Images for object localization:
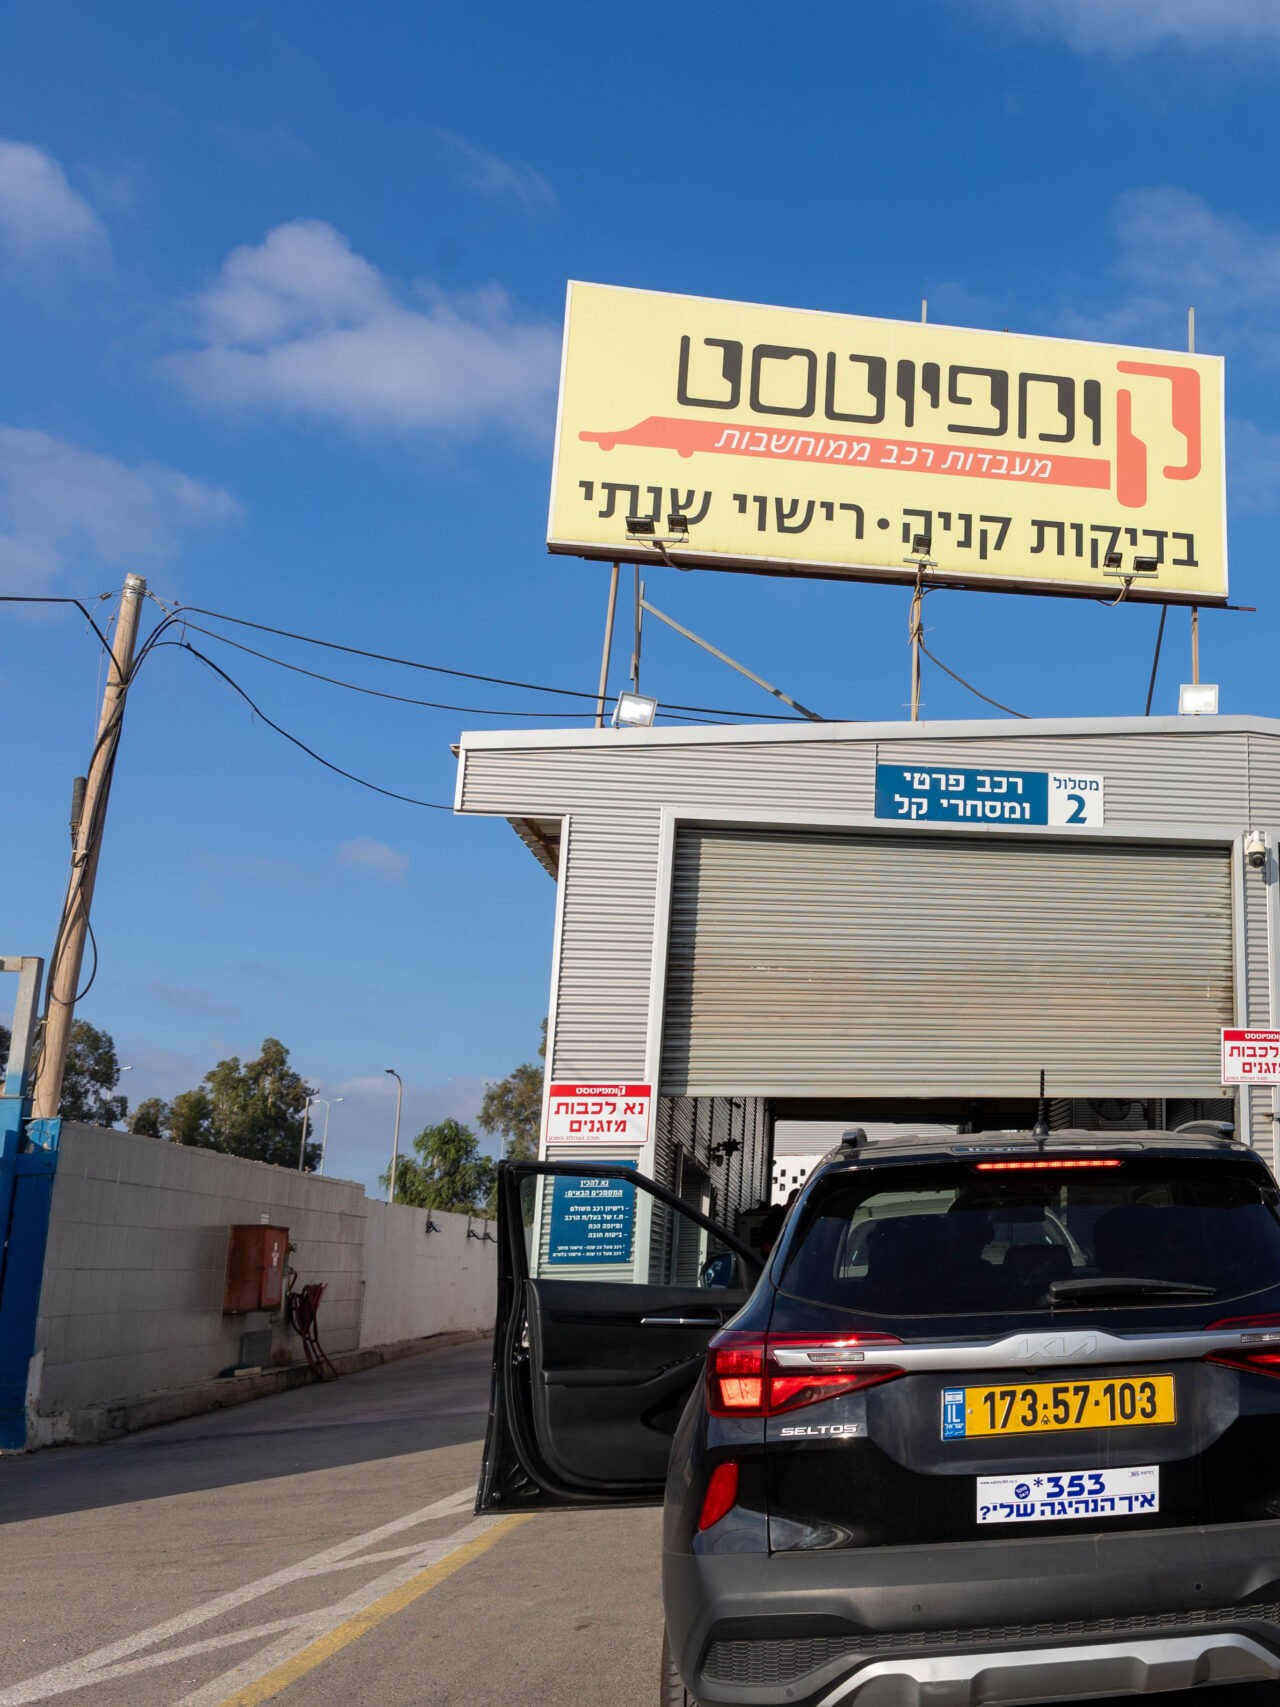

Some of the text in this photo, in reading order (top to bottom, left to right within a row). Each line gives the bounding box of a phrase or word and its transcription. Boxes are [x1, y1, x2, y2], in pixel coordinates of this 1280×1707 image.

[676, 334, 1201, 508] קומפיוטסט
[714, 428, 1053, 478] מעבדות רכב ממוחשבות
[578, 480, 1199, 568] בדיקות קניה רישוי שנתי
[902, 772, 1023, 794] רכב פרטי
[1053, 776, 1099, 791] מסלול
[894, 794, 1031, 819] ומסחרי קל
[1065, 794, 1088, 824] 2
[1229, 1046, 1279, 1058] לכבות
[554, 1101, 644, 1115] נא לכבות
[569, 1120, 627, 1132] מזגנים
[580, 1179, 599, 1187] להכין
[1017, 1336, 1098, 1360] KIA
[947, 1404, 961, 1423] IL
[780, 1424, 860, 1437] SELTOS
[979, 1494, 1155, 1520] איך הנהיגה שלי?
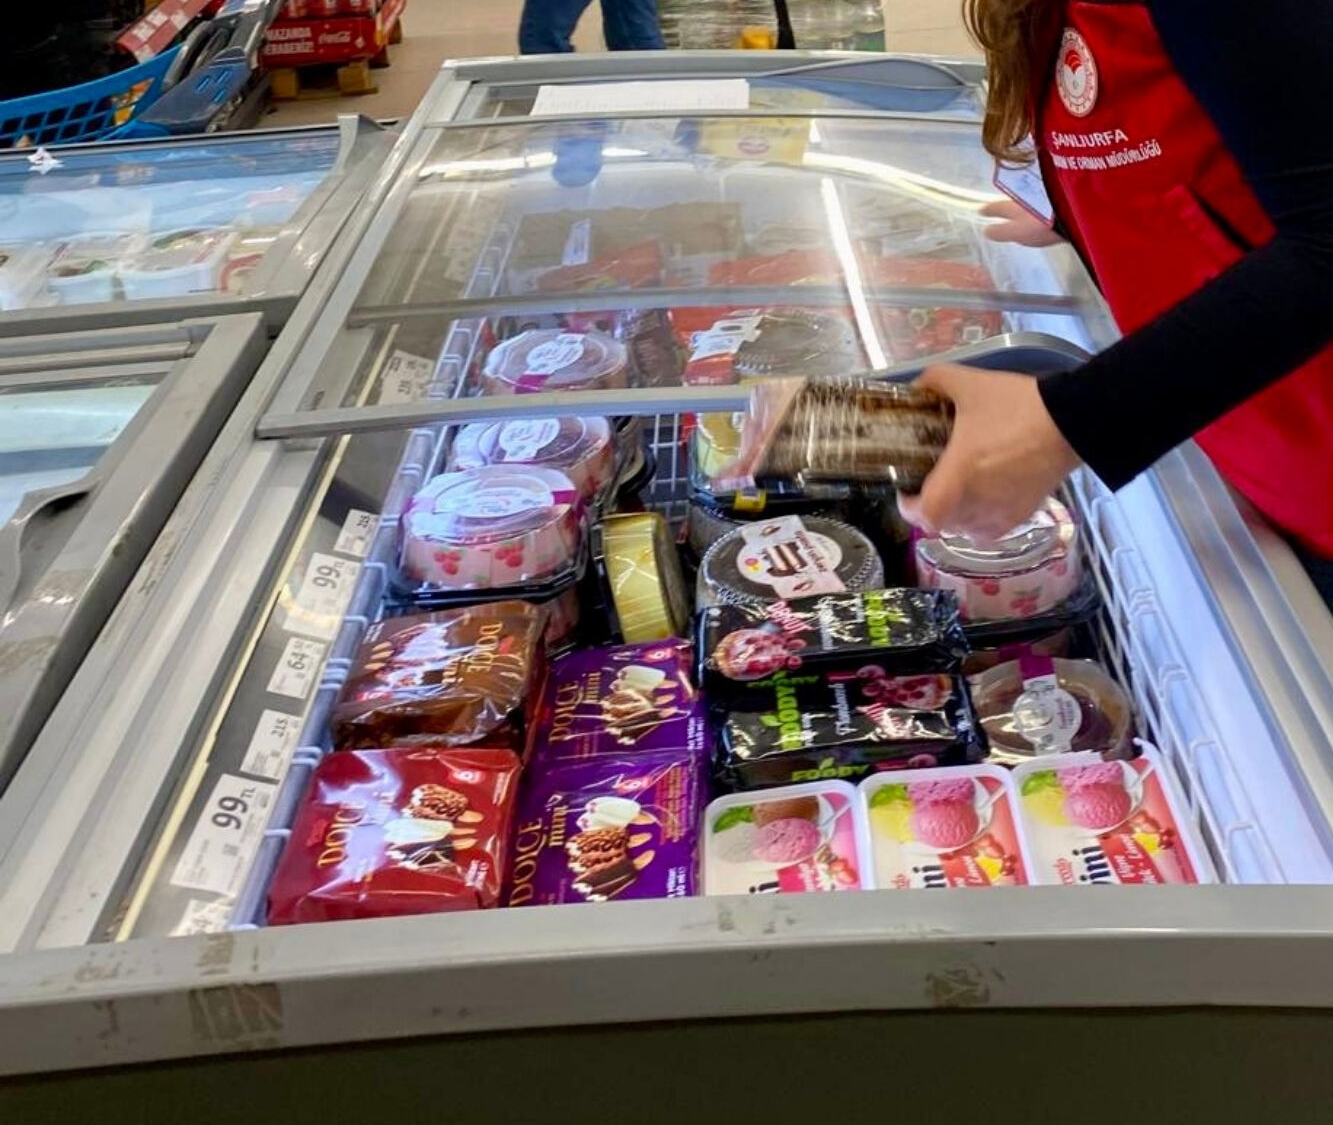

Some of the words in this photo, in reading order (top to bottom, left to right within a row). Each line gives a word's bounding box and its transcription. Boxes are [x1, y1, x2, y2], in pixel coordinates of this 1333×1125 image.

[265, 27, 312, 41] MAZANDA
[1052, 128, 1129, 150] ŞANLIURFA
[312, 564, 341, 590] 99
[287, 651, 310, 670] 64
[212, 795, 248, 830] 99

— WORK ITEM —
Once the pictures are set aside, write out the entries verbatim.

— RESPONSE AREA —
Some of the text in this photo, in reading order (top to bottom, left to right within a row). Each line gives the bounding box of a phrase or word and its transcription. Boxes are [x1, y1, x2, y2], in pixel coordinates of this 1280×1707 image.

[676, 334, 1201, 508] קומפיוטסט
[714, 428, 1053, 478] מעבדות רכב ממוחשבות
[578, 480, 1199, 568] בדיקות קניה רישוי שנתי
[902, 772, 1023, 794] רכב פרטי
[1053, 776, 1099, 791] מסלול
[894, 794, 1031, 819] ומסחרי קל
[1065, 794, 1088, 824] 2
[1229, 1046, 1279, 1058] לכבות
[554, 1101, 644, 1115] נא לכבות
[569, 1120, 627, 1132] מזגנים
[580, 1179, 599, 1187] להכין
[1017, 1336, 1098, 1360] KIA
[947, 1404, 961, 1423] IL
[780, 1424, 860, 1437] SELTOS
[979, 1494, 1155, 1520] איך הנהיגה שלי?

Some of the words in this photo, in reading order (top to bottom, left to right within a row). Each line gives a word's bounding box and its transcription. Boxes are [x1, y1, x2, y2], in pixel coordinates of this 1333×1125 image.

[265, 27, 312, 41] MAZANDA
[1052, 128, 1129, 150] ŞANLIURFA
[312, 564, 341, 590] 99
[287, 651, 310, 670] 64
[212, 795, 248, 830] 99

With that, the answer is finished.